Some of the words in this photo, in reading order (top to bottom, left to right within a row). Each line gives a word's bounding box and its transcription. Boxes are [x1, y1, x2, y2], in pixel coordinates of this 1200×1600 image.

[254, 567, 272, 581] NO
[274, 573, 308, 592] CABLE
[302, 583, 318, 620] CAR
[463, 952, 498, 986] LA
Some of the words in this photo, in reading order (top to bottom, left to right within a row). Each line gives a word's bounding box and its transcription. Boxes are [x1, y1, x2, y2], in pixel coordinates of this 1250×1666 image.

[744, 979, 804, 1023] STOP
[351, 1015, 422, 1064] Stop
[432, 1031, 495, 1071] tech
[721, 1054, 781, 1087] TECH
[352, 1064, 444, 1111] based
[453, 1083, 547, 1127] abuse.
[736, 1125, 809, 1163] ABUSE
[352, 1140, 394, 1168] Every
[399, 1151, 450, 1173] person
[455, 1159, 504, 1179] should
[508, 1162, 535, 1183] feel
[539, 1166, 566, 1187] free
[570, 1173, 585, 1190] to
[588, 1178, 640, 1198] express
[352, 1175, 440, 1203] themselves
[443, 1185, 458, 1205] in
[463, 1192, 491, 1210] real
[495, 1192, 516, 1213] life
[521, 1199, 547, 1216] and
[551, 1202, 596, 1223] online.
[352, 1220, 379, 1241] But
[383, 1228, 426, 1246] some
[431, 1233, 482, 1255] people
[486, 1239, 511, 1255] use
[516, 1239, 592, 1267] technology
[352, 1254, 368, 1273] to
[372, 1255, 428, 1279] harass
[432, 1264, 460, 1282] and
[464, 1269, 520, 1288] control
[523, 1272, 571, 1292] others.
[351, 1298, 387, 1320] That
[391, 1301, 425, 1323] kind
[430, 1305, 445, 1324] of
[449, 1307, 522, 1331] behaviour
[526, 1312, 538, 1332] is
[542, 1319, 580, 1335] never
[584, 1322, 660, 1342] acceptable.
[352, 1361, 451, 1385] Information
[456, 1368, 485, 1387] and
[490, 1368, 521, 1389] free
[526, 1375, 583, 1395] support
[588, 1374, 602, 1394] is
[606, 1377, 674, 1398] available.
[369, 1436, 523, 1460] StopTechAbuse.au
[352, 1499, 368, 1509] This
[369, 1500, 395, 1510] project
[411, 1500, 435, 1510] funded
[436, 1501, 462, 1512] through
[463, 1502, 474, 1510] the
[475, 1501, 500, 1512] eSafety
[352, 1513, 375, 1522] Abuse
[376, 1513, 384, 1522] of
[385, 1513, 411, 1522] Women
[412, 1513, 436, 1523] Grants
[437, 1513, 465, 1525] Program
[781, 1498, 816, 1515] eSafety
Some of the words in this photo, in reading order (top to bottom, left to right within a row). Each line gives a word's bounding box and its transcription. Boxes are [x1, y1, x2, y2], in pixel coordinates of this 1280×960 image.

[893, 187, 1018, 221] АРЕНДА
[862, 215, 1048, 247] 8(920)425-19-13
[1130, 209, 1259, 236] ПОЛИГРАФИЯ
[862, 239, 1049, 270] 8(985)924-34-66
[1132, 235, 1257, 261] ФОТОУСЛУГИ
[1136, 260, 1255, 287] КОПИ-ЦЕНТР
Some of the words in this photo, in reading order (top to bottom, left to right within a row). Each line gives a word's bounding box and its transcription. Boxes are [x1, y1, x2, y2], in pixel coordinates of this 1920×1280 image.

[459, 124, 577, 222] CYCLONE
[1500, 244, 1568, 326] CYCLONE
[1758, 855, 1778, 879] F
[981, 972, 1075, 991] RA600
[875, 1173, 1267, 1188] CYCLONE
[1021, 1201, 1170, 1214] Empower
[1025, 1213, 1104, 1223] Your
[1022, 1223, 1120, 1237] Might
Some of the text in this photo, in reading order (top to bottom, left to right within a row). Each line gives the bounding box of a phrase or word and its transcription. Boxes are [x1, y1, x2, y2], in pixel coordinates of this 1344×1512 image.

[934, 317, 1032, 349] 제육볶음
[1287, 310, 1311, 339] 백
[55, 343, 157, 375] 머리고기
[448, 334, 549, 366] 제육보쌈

WHAT IS BEING ASKED: Each record above should be set down again in its exact wording.

EXERCISE ANSWER:
Some of the words in this photo, in reading order (top to bottom, left to right within a row). Each line gives a word's bounding box and its transcription. Boxes are [x1, y1, x2, y2], in pixel coordinates of this 1200×1600 image.

[254, 567, 272, 581] NO
[274, 573, 308, 592] CABLE
[302, 583, 318, 620] CAR
[463, 952, 498, 986] LA
Some of the words in this photo, in reading order (top to bottom, left to right within a row). Each line gives a word's bounding box and its transcription. Boxes are [x1, y1, x2, y2], in pixel coordinates of this 1250×1666 image.

[744, 979, 804, 1023] STOP
[351, 1015, 422, 1064] Stop
[432, 1031, 495, 1071] tech
[721, 1054, 781, 1087] TECH
[352, 1064, 444, 1111] based
[453, 1083, 547, 1127] abuse.
[736, 1125, 809, 1163] ABUSE
[352, 1140, 394, 1168] Every
[399, 1151, 450, 1173] person
[455, 1159, 504, 1179] should
[508, 1162, 535, 1183] feel
[539, 1166, 566, 1187] free
[570, 1173, 585, 1190] to
[588, 1178, 640, 1198] express
[352, 1175, 440, 1203] themselves
[443, 1185, 458, 1205] in
[463, 1192, 491, 1210] real
[495, 1192, 516, 1213] life
[521, 1199, 547, 1216] and
[551, 1202, 596, 1223] online.
[352, 1220, 379, 1241] But
[383, 1228, 426, 1246] some
[431, 1233, 482, 1255] people
[486, 1239, 511, 1255] use
[516, 1239, 592, 1267] technology
[352, 1254, 368, 1273] to
[372, 1255, 428, 1279] harass
[432, 1264, 460, 1282] and
[464, 1269, 520, 1288] control
[523, 1272, 571, 1292] others.
[351, 1298, 387, 1320] That
[391, 1301, 425, 1323] kind
[430, 1305, 445, 1324] of
[449, 1307, 522, 1331] behaviour
[526, 1312, 538, 1332] is
[542, 1319, 580, 1335] never
[584, 1322, 660, 1342] acceptable.
[352, 1361, 451, 1385] Information
[456, 1368, 485, 1387] and
[490, 1368, 521, 1389] free
[526, 1375, 583, 1395] support
[588, 1374, 602, 1394] is
[606, 1377, 674, 1398] available.
[369, 1436, 523, 1460] StopTechAbuse.au
[352, 1499, 368, 1509] This
[369, 1500, 395, 1510] project
[411, 1500, 435, 1510] funded
[436, 1501, 462, 1512] through
[463, 1502, 474, 1510] the
[475, 1501, 500, 1512] eSafety
[352, 1513, 375, 1522] Abuse
[376, 1513, 384, 1522] of
[385, 1513, 411, 1522] Women
[412, 1513, 436, 1523] Grants
[437, 1513, 465, 1525] Program
[781, 1498, 816, 1515] eSafety
Some of the words in this photo, in reading order (top to bottom, left to right within a row). Each line gives a word's bounding box and its transcription. Boxes are [x1, y1, x2, y2], in pixel coordinates of this 1280×960 image.

[893, 187, 1018, 221] АРЕНДА
[862, 215, 1048, 247] 8(920)425-19-13
[1130, 209, 1259, 236] ПОЛИГРАФИЯ
[862, 239, 1049, 270] 8(985)924-34-66
[1132, 235, 1257, 261] ФОТОУСЛУГИ
[1136, 260, 1255, 287] КОПИ-ЦЕНТР
Some of the words in this photo, in reading order (top to bottom, left to right within a row). Each line gives a word's bounding box and its transcription. Boxes are [x1, y1, x2, y2], in pixel coordinates of this 1920×1280 image.

[459, 124, 577, 222] CYCLONE
[1500, 244, 1568, 326] CYCLONE
[1758, 855, 1778, 879] F
[981, 972, 1075, 991] RA600
[875, 1173, 1267, 1188] CYCLONE
[1021, 1201, 1170, 1214] Empower
[1025, 1213, 1104, 1223] Your
[1022, 1223, 1120, 1237] Might
Some of the text in this photo, in reading order (top to bottom, left to right within a row). Each line gives the bounding box of a phrase or word and its transcription. Boxes are [x1, y1, x2, y2], in pixel coordinates of this 1344×1512 image.

[934, 317, 1032, 349] 제육볶음
[1287, 310, 1311, 339] 백
[55, 343, 157, 375] 머리고기
[448, 334, 549, 366] 제육보쌈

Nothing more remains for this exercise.